Un médecin ne peut se faire remplacer dans son exercice que temporairement et par un confrère inscrit au tableau de l'ordre ou par un étudiant remplissant les conditions prévues par l'article L.4131-2 du code de la santé publique. Le médecin qui se fait remplacer doit en informer préalablement, sauf urgence, le conseil de l'ordre dont il relève en indiquant les nom et qualité du remplaçant ainsi que les dates et la durée du remplacement. Le remplacement est personnel. Le médecin remplacé doit cesser toute activité médicale libérale pendant la durée du remplacement.

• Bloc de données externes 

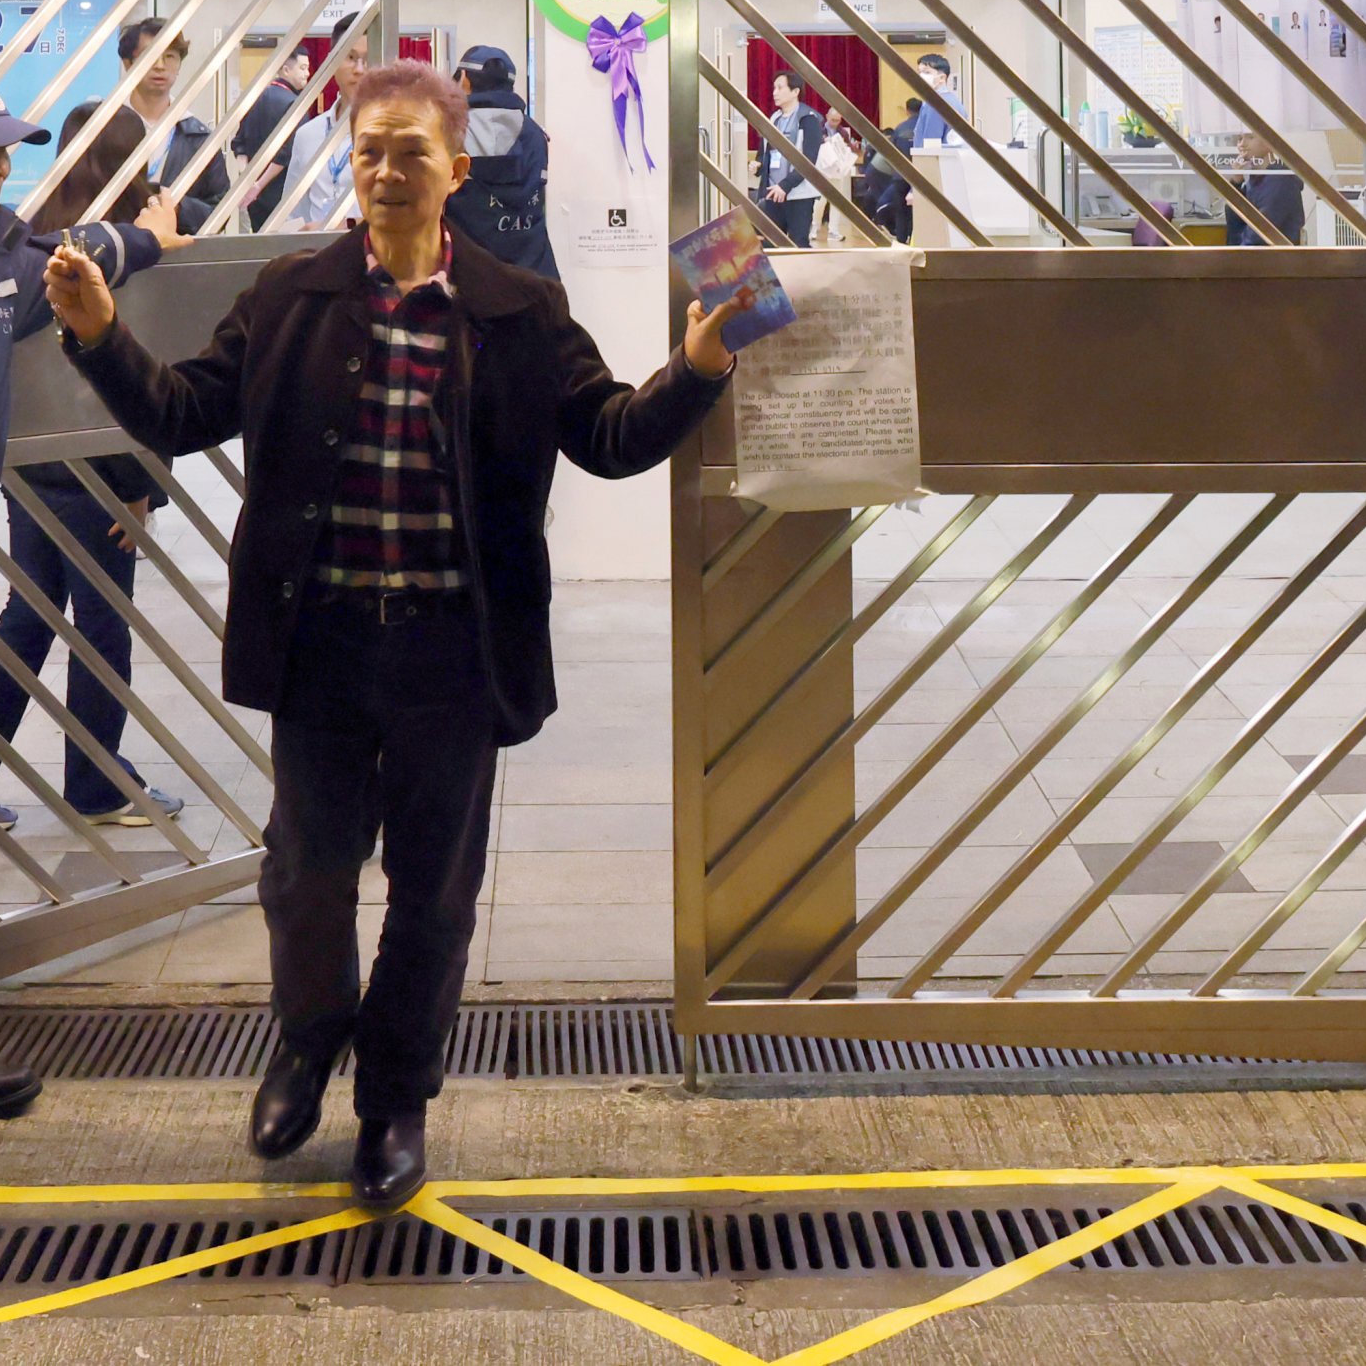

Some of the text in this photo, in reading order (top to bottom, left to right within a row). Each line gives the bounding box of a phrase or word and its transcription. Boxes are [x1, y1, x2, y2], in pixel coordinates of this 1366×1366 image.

[821, 4, 874, 12] ENCE
[323, 10, 344, 18] EXIT
[497, 215, 533, 232] CAS
[858, 387, 872, 395] The
[875, 387, 901, 395] station
[820, 399, 852, 408] counting
[765, 422, 788, 431] public

Toutefois, des dérogations à cette règle peuvent être accordées par le conseil départemental, dans l'intérêt de la population lorsqu'il constate une carence ou une insuffisance de l'offre de soins.

Le remplaçant reçoit et prodigue donc les soins aux patients aux lieu et place du médecin remplacé qui doit cesser toute activité médicale pendant toute la durée du remplacement. Le médecin remplaçant agit sous sa propre responsabilité pour ses décisions et actes, avec une licence de remplacement strictement personnelle. Le remplaçant est donc seul et individuellement responsable de ses fautes et a l’obligation légale de souscrire une assurance garantissant sa responsabilité civile (Article L.1142-2 du code de la santé publique). Il conserve donc son indépendance professionnelle et ce, même s’il n’encaisse pas directement les honoraires (celui-ci ne percevant qu’une rétrocession à postériori de la part du médecin remplacé). Le médecin remplacé doit néanmoins mettre à la disposition du médecin remplaçant tout ce qu’il est nécessaire pour qu’il puisse prendre en charge correctement les patients du Cabinet. Dans le cas d’un remplacement pour des gardes, le médecin remplacé doit être joignable ou désigner un confrère joignable en cas de problème de son médecin remplaçant. S’il ne laisse aucune coordonnée, c’est un manquement grave à ses responsabilités et obligations envers ses patients. A défaut de respecter ces obligations, un partage de responsabilité serait alors envisageable en cas de sinistre entre le remplacé et le remplaçant au prorata des fautes commises.

II – LES CAS DE RESPONSABILITE PARTAGEE

VERS UNE DECISION MEDICALE DE PLUS EN PLUS PARTAGEE

La décision médicale est de plus en plus partagée entre tous les autres intervenants dans le parcours de soins du patient. Aussi, la responsabilité médicale est un terrain propice au partage de responsabilité en raison du nombre d’intervenants.

Le dommage peut résulter de la conjugaison de fautes commises par différentes personnes : professionnels libéraux, salariés ou hospitaliers, établissements de santé publics ou privés etc. Aussi, la responsabilité médicale peut être :

  • Soit civile individuelle ou partagée entre plusieurs acteurs de droit privé
  • Soit administrative individuelle ou partagée entre plusieurs acteurs de droit public
  • Soit civile et administrative, c’est-à-dire partagée entre des acteurs de santé privés et des acteurs de santé publics.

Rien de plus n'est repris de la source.